She shot and passed and dribbled to prominence in the shadow of Nancy Lieberman and before Cheryl Miller, which is like winning tennis tournaments between Billie Jean King and Martina Navratilova. So how come nobody knows Lynette Woodard the way everyone knows Chris Evert Lloyd? Well, that's how it is in women's basketball. You remember women's basketball. Going to be enormous in the '80s. Parity with the Russkies. A pro league. Lieberman. Carol Blazejowski, "the Blaze." Molly Bolin, "Machine Gun" Molly all in leathers. Shoot me, shoot me. Then along came Jimmy Carter and his Olympic boycott and there went the women. Well—glory be, Gerry Ferraro—now women are back. And while Miller and Janice Lawrence, both 6'3" and recent college stars, may command attention because of size and numbers, if you watch enough of the women in Los Angeles, you'll notice Lynette Woodard.
First of all, she's the one with the body—5'11", 155 pounds, the prototype women's basketball structure, muscles and curves perfectly coordinated. She's the one who floats, gazellelike, at wing guard or small forward; who hungers for penetration and offensive rebounds; who leads by a quiet presence and workaholic's sense of duty. Throughout high school in Wichita and the University of Kansas, Woodard was a gunner with an attitude that kept her on the periphery of the 1980 Olympic team. If we had gone to Moscow, Woodard wouldn't have played much. But she burned to be in an Olympics.
After closing out her career at Lawrence in 1981 as the leading female scorer in college history (3,649 points), Woodard played for Skio, Italy, "a town so small it didn't even have a school," she says. But she was lonely, homesick and "so lost I didn't know what to do." Weathering the storm, Woodard looked inside herself. "I found I could make decisions, create things in my life and develop commitments," she says.
One of those was to basketball, to a team game. Returning to the States, Woodard worked for two years at Kansas as a voluntary assistant coach and academics adviser and, playing organized ball only in summer, became a mainstay of the U.S. international teams.
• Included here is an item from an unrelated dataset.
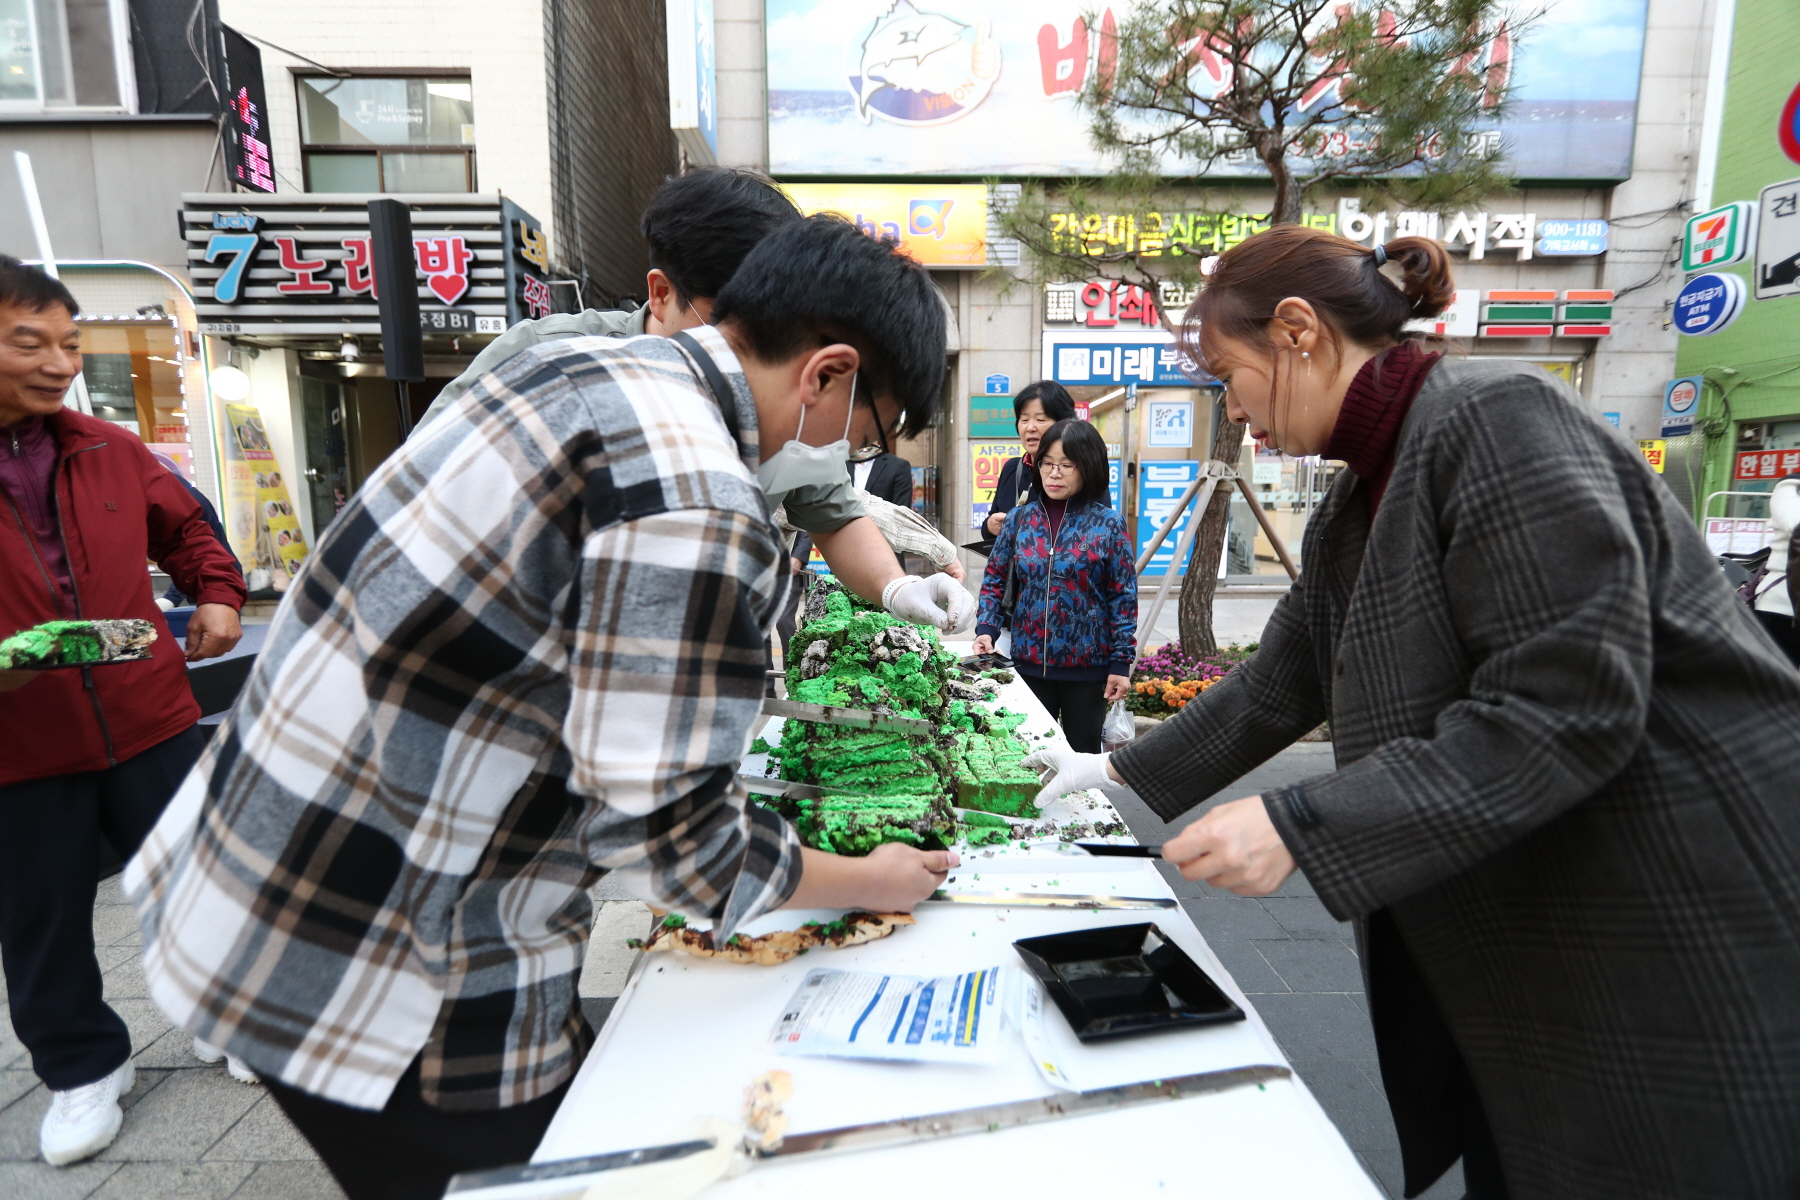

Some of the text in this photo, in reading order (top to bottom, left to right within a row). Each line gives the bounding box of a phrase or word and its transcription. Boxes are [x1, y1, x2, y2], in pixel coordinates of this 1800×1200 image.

She co-captained the all-winning side in the 1983 Pan American Games, and is the captain of the team that is the overwhelming favorite for the gold in L.A.
"I never thought Lynette could fit in and get the job done," says Olympic coach Pat Head Summit. "But when people think back to the '84 Olympics and women's basketball, they'll remember Lynette Woodard."
Former Jayhawk Woodard is a ballhawk.